Monthly Archives: May 2016

Output At Home And Abroad

It’s fairly common for economists to confuse accounting identities and behavioural relationships.

Question: What is the best way to find it?

Answer: The behaviour of output (at home and abroad) is not discussed in their analysis.

It’s not always the case that it’s true but a good way to find – check whether the economist is talking of the effect of changes in stocks or flows on output.

It’s also of course important to discern what someone is literally saying and what that person is trying to say. Economists aren’t the best communicators. For example, consider the sentence: “(fiscal) deficits increase growth and surplus reduces it”. This is far from accurate because the fiscal deficit is an output of a model (and everyone has a model implicitly), not an input. It’s better to state whether the fiscal policy under discussion is expansionary or contractionary. So let’s say that private expenditure rises relative to income for whatever reason, such as expectations of the future. This leads to a rise in output and hence taxes and the fiscal deficit will reduce and we have a rise in output coincident with a fall in fiscal deficit. But neither fiscal deficit or surplus caused that growth. At the same time, one should also try to check what the narrator is trying to say. So if someone says “deficit spending is needed”, he or she is actually trying to say, “an expansionary fiscal policy is needed”.

It doesn’t harm to be accurate or try to be accurate.

One of the worst mistake of this kind being discussed is using the identity (in the case of a closed economy):

G − T = S − I

where G, T, S and I are government expenditure, taxes, private saving and private investment respectively.

A careless look at this would led one to conclude that “deficits reduce investment”. What the economist who claims this is saying is that an fiscal expansion (rising government expenditure and/or reduced tax rates) decreases investment. The error in this is that, saving is thought to be constant. However, using a Keynesian stock-flow consistent model, it is not difficult to see that a fiscal expansion has an expansionary effect on output which will raise private investment and also private saving (assuming saving propensities are constant).

More generally, the equation is:

G − T + CAB = S − I

in the general case of the open economy. In the above CAB is the current account of the balance of payments. Also balance of payments accounting tells us that current account balance is equal to the net lending to the rest of the world. In the old balance of payments terminology, this is equal to the negative of the capital account balance.

So we have:

CAB + KAB = 0

Or

NL = CAB

in the modern balance of payments terminology, where NL is the net lending of resident economic units to the rest of the world.
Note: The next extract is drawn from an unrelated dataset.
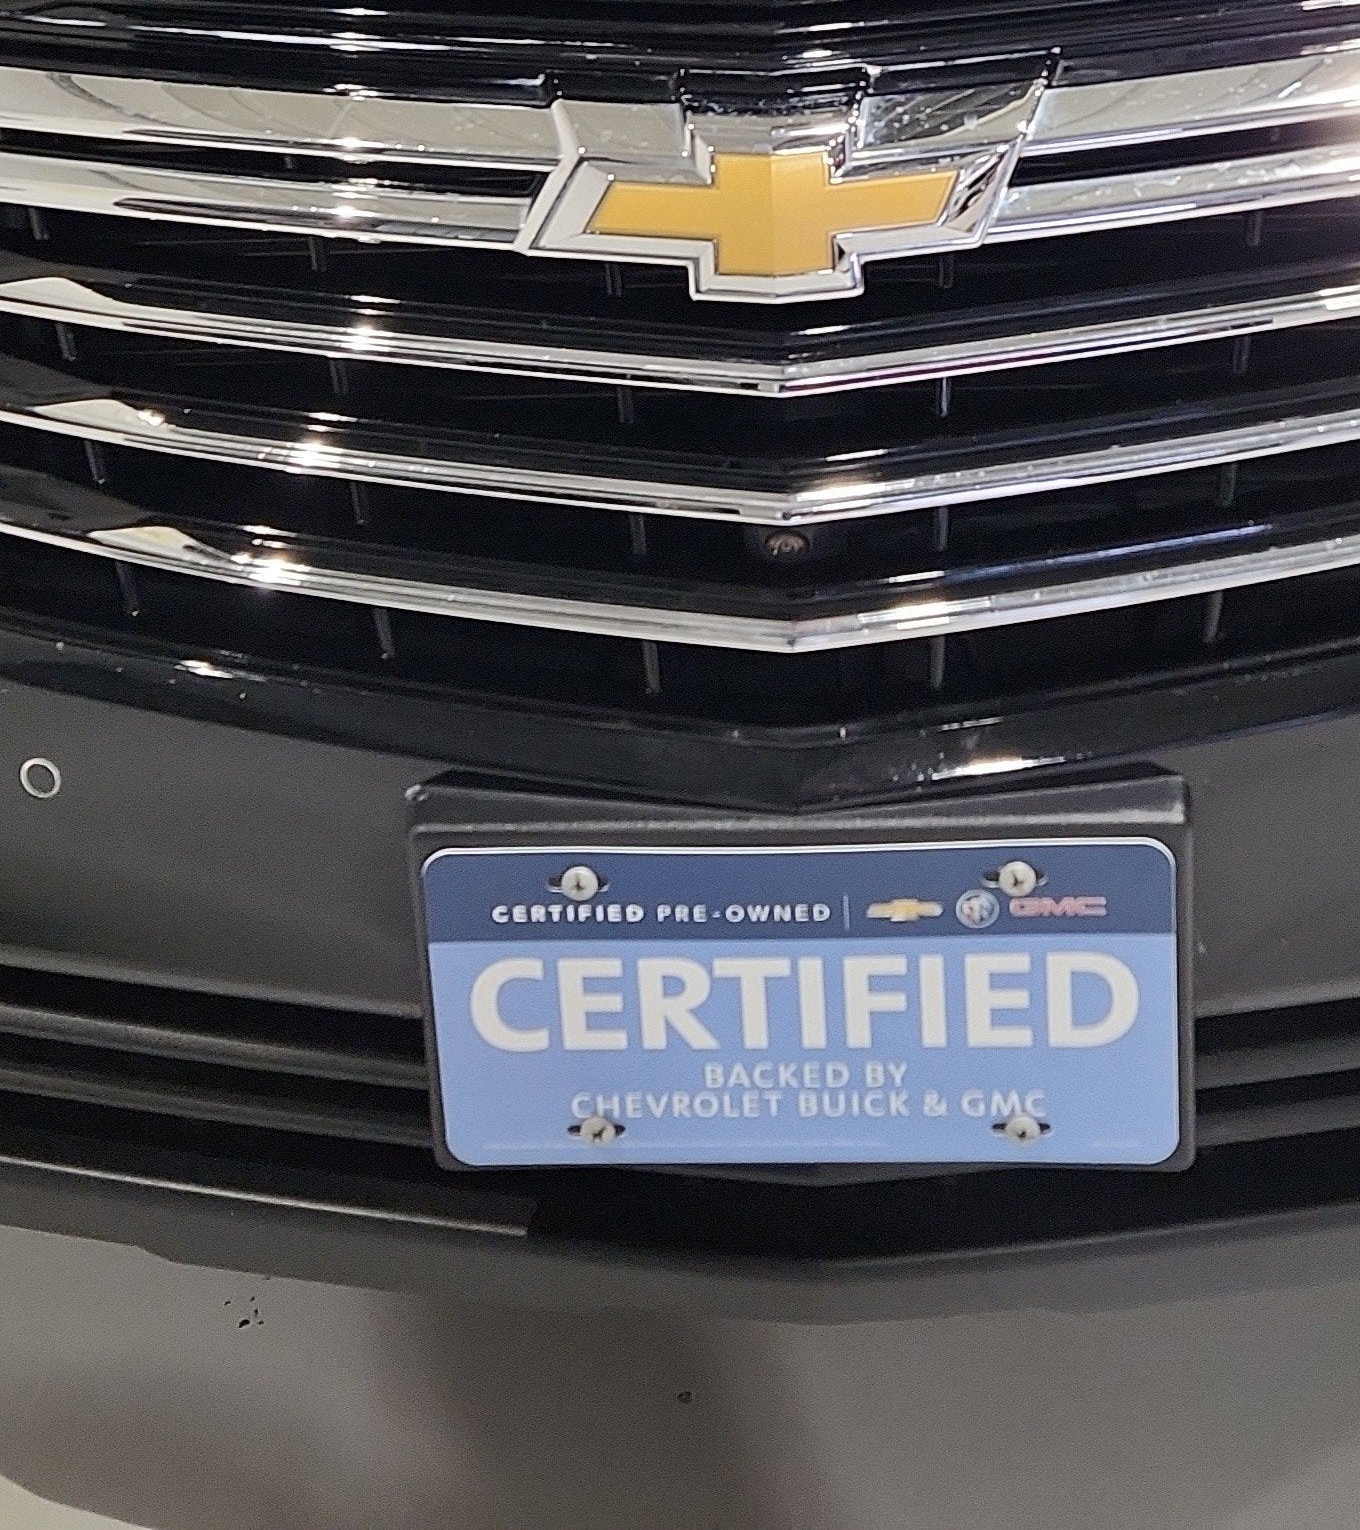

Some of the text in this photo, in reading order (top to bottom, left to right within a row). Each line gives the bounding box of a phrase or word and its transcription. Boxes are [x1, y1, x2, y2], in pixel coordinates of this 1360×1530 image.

This has led to various theories about how what causes trade imbalances. A careless conclusion which can be drawn by looking at the last equation is that an increase in private saving or a reduction in the government expenditure reduces the trade balance. Although in this case it’s true, this happens via a reduction of output.

Another strange hypothesis is to say that it’s net borrowing (the opposite of net lending) from the rest of the world which causes current account deficits. Some authors such as Michael Pettis have taken this to extreme.

Wynne Godley was one economist who made heavy use of the accounting identity.

G − T + CAB = S − I

In his view, the causal relationship linking the balances is via output at home and abroad. 

In his 1995 article, A Critical Imbalance in U.S. Trade he says:

… an accounting identity, though useful as a basis for consistent thinking about the problem can tell us nothing about why anything happens. In my view, while it is true by the laws of logic that the current balance of payments always equals the public deficit less the private financial surplus, the only causal relationship linking the balances (given trade propensities) operates through changes in the level of output at home and abroad. Thus a spontaneous increase in household saving or a spontaneous reduction in the budget deficit (say, as a result of cuts in public expenditure) would bring about an improvement in the external deficit only because either would induce a fall in total demand and output, with lower imports as a consequence.

In this post, I want to highlight how capital flows can impact trade balances using my experience with experimenting with stock flow consistent models. Before that, it’s important to note a few things which are often forgotten.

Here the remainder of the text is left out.